We worked with advertising firms to find out the best marketing techniques that would help us get to people and interest them, motivate them, something that public health people are not necessarily known for doing in their educational materials.

We are now taking this print material and going on line again, in this same fashion, of having people determine what works for them on line, the format, the interface, the interactivity, et cetera.

That has been our experience. I think our of that local experience here, we have come across a number of issues that might be something of a microcosm of the issues that we are facing and thinking about in NHII nationwide.

I would like to share some of the ideas that hit us and see if they might be ones that would also be relevant to developing the NHII.

The first issue is the definition of health. I notice that both reports mentioned that it was difficult to have a good definition of health.

Nobody was particularly happy in this committee with the definitions, at least that is what the reports say.

There seemed to be a sense that we would like to move away from just a disease or medical care type approach in looking at health toward something else.

It was mentioned that maybe the WHO definition was better, that Utopian vision of perfect physical, mental and social health.

I think we are stuck there. We are stuck between somehow between disease and Utopia. We don't have a road map, a word that has gone around a lot this morning, on what is the pathway to get to this Utopian version of health.

So, I think that comes out of another issue that was brought out in the reports, that the factors that determine health are very complex, very difficult to know, which factors are really affecting people's health, and therefore how we should go with an NHII or anything else in health.

I would like to begin by just summarizing the current estimates of what affects health.

If we look at this pyramid, the current estimates are that health care affects about 10 percent of a person's health status.

Now, you wouldn't really know that from how we spend money in our health budget, in which 80 percent is going to health care, but it is only estimated to account for about that much of a person's health status.

Environmental factors and genetic factors are another 20 percent each. The lion's share seems to reside in the social and behavioral factors at the bottom here.

These include, of course, the many decisions that we all make every day that affect our health.

Now, if we look at this, the social and behavioral factors, again, that presents us with a lot of complexity. What are we talking about. There are so many factors here.

One of the things that has really intrigued me, looking at the research over the last 30 years, is that one of the most powerful factors to emerge in this whole are of social and behavioral factors is the perception of one's control over diverse issues in one's life.

That factor seems to be emerging as maybe the single-most powerful determinant of a person's health, more powerful than smoking cigarettes or not, or diet or exercise, et cetera, the perception of being able to control diverse issues in one's life.

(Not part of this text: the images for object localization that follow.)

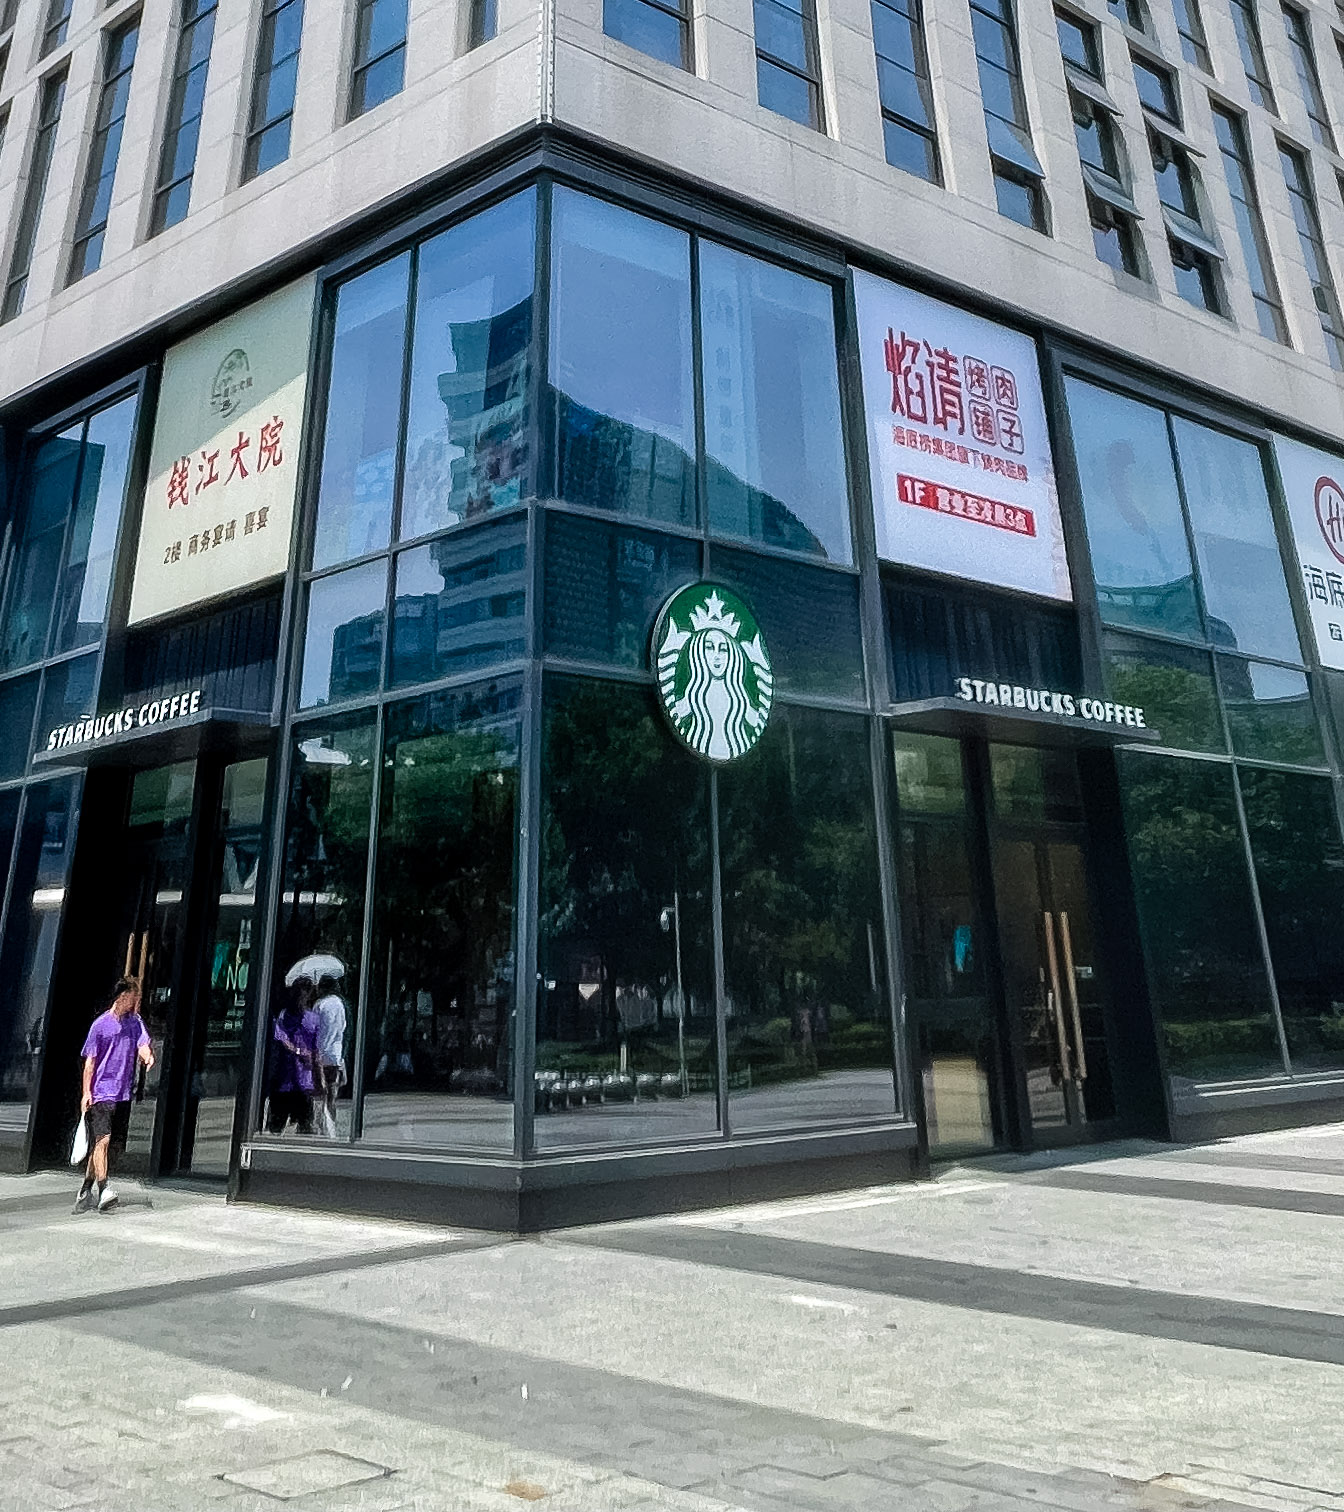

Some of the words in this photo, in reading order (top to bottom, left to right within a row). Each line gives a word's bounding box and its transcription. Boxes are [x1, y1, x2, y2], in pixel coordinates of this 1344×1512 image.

[167, 415, 284, 509] 钱江大院
[904, 479, 926, 504] 1F
[47, 708, 134, 751] STARBUCKS
[138, 690, 202, 727] COFFEE
[956, 678, 1077, 717] STARBUCKS
[1079, 698, 1148, 729] COFFEE
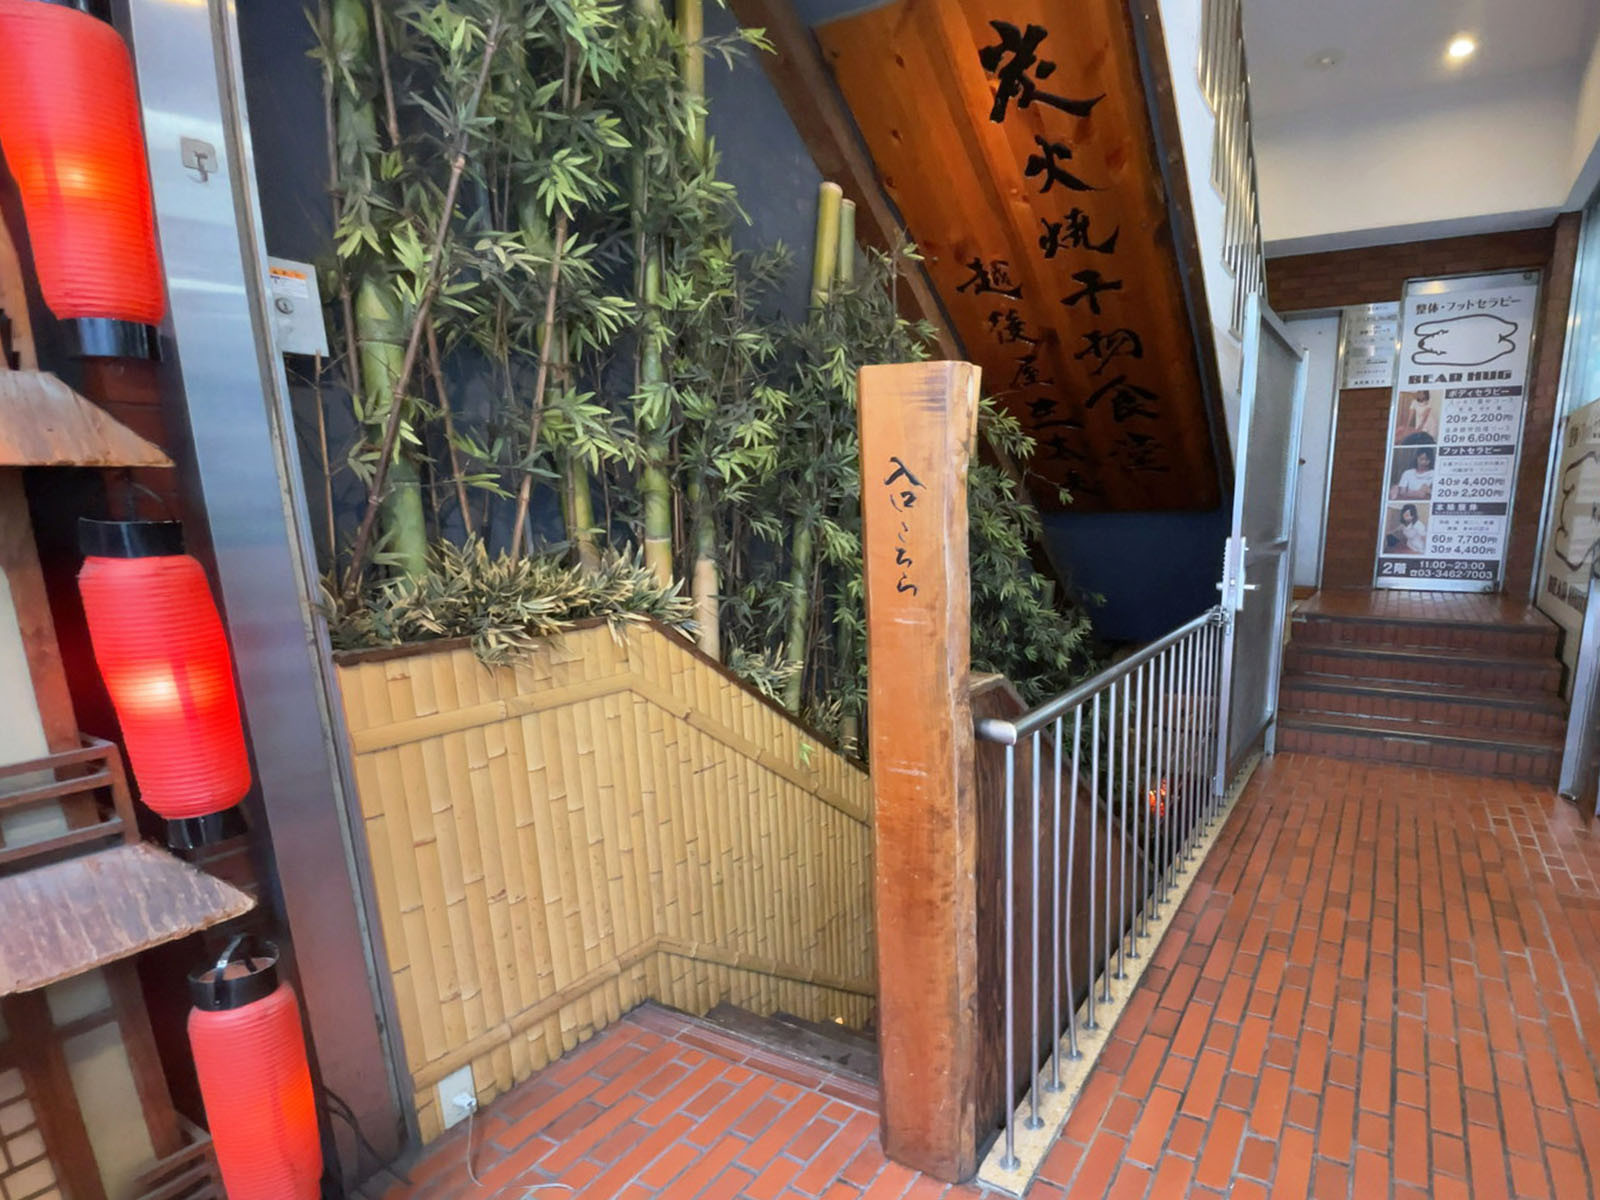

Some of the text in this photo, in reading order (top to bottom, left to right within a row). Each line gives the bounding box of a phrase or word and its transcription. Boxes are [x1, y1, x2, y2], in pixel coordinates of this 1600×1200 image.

[1408, 370, 1512, 385] BEAR HUG
[1442, 446, 1502, 455] フットセラピー
[1382, 561, 1407, 574] 2階

That is a very different definition than most of us probably go by in our usual health silo. If we accept this type of factor as being very important, then it might mean that moving toward health is more of a matter of handling life events better.

That is very broad. I would suggest that, from my own experience, that is what I am hearing from people. When I saw this pyramid, the first time I saw it, it was on an Institute for the Future presentation by Wendy Everett.

I had an ah-hah experience. I thought, you know what, that is what thousands of people are telling us. What affects my health is handling my life issues, all the hundreds of things every day.

We are beginning to understand why this must be so, why this factor is emerging in the international research, no matter what society we go into. It is always emerging as an extremely powerful factor.